What started off as helping out coach his younger brother’s baseball team ended up turning into a Hall of Fame basketball coaching career.
Aric Russell wasn’t sure he wanted to be a coach until he did his younger brother a favor. It was a youth knothole baseball league in which they needed a coach, so Russell stepped up.
“They lost a lot of games and then we got into contention. I really got into it, figured things out and that’s when I knew I wanted to get into coaching. From the strategizing to figuring out teams weaknesses, I loved it,” Russell said.
After 25 years coaching the high school game, Russell announced his retirement last week as Campbell County’s boys basketball coach. He finishes with 459 wins coaching boys and girls. While he was unsure even at the end of the season when Campbell County lost to Mason County in the 10th Region tournament semifinals, he reflected back, had conversations with his family and then knew.
“It sounds kind of cliché, but I just knew it was time. I always had older coaches tell me I’d know when that time came and it is now. The grind of everything, there’s so much more to coaching then games and practices. Coaches need to put their all into other things outside of just coaching these kids,” Russell said.
The decision still didn’t come as an easy one.

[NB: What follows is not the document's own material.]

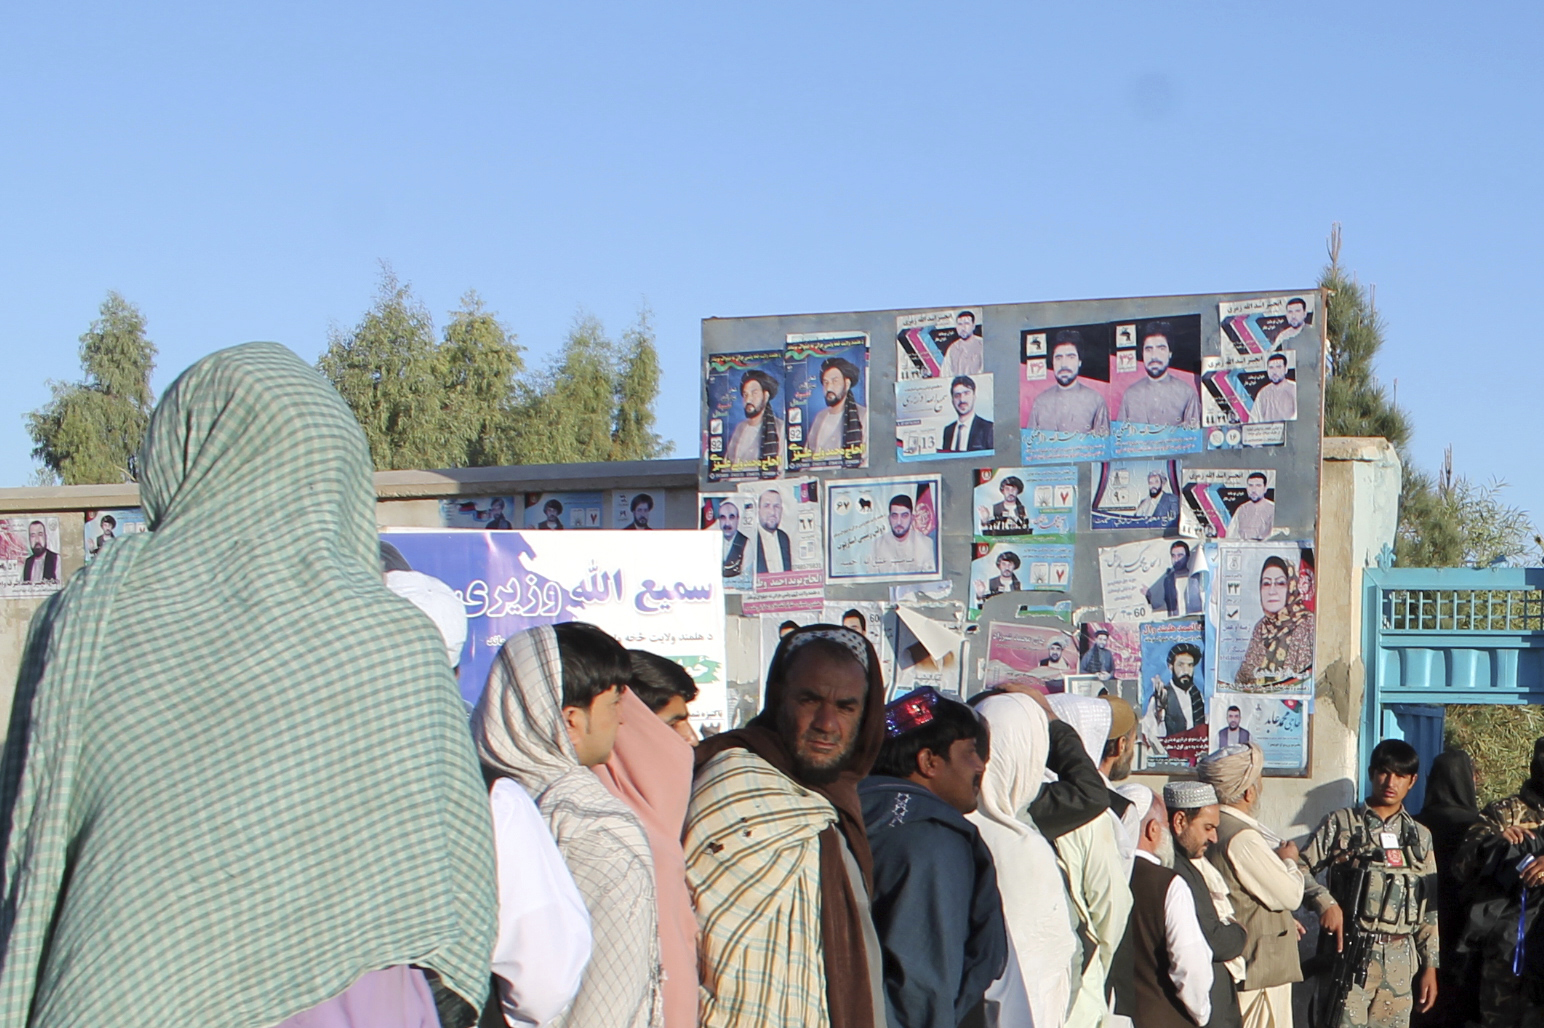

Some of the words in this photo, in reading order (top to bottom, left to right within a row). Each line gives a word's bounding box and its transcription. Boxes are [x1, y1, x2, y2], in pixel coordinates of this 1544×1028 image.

“It was hard, you do something for 25 years and it’s just always a tough decision to make. You don’t want the kids coming back thinking you’re leaving them, but I told them Campbell County is bigger than any one person and they’ll keep on rolling,” Russell said.
He got his start on the basketball side of coaching at Newport Middle School, coaching the seventh grade team. He then went on to Campbell County and coached the freshman team on Danny Sullivan’s staff. While Campbell County is where he wanted to be, he knew he had to go elsewhere to land a head coaching position at the high school ranks.
“They had so many coaches on staff I knew I had to start somewhere else,” Russell said.
So Russell went back to Newport to coach the freshman team on Mark Krebs’ staff before eventually taking the Newport girls head coaching position. He coached the girls team for three seasons, winning 51 games in the three-year span.
“I really learned things as a coach then. You really have to run things and plan things out in situations where boys sometimes can do things on their own and create their own shots. Not saying the girls can’t do that, but there’s a little more to it in finding open shots. You can’t run the same thing every year and you have to adapt to what you have. I felt like I learned that early,” Russell said.
Russell then coached the Newport boys from 2001-10, winning 124 games in his tenure with the Wildcats and leading them to the promise land in 2010 when they won the Ninth Region title for the first time in 58 years. Russell helped build the Newport program up, enduring seven seasons of .500 or worse records and failing to make the region tournament in his first eight years. But the ninth year the Wildcats struck lightning in a bottle, shocking Holmes in the Ninth Region championship and making it to Rupp Arena for the Sweet 16.
Then a big decision came. Head back to his alma mater to coach the Camels or stay where he built things up?
“It was really hard to leave Newport. Really went back and forth on if I was going to leave. My house is less than a mile away from Campbell County. My kids were younger and started to come through the system. Knew I could coach my son and be with my daughter. It was a tough decision, but a family decision to make that move,” Russell said.
He took over at Campbell County in 2010 and coached the Camels the last 13 seasons. Things didn’t take as long to get going at Campbell County. He guided the Camels to a 37th District title in his second season and then won 10 more consecutively from 2014-23. Four 10th Region titles came with that, including a state semifinal appearance in 2019.
“We had players that bought into what we were teaching and put the team above all the other things. Having my assistants on staff that were with me pretty much the whole time helped. Everyone had their roles on the coaching staff and how to relay things. Older players would then relay it to the younger players. That culture constituted in winning,” Russell said.
He got to coach his son Jesse and see his daughter Hope both make state tournaments, Jesse in basketball in 2018 and Hope in volleyball in 2018 and ’19.
“If it wasn’t for Jesse, I may have got out of the game even sooner. Being able to spend that time with him and the moment I’ll never forget is when he was in the starting lineup at Rupp Arena and I was standing behind him and whispered in his ear and just let him know how proud of him I was. Being able to spend that moment with my son was really neat. You don’t always get those opportunities,” Russell said.
Russell won 408 games as a boys coach, 51 as a girls coach. The 284 wins at Campbell County is the most in program history and the 459 wins in total is third most in Northern Kentucky history, trailing only St. Henry’s Dave Faust and former St. Thomas and Highlands coach Ken Shields.
“Basketball is not easy and doing it the right way and you have to put a lot of time into it. Now it’s time to let someone else do it,” Russell said.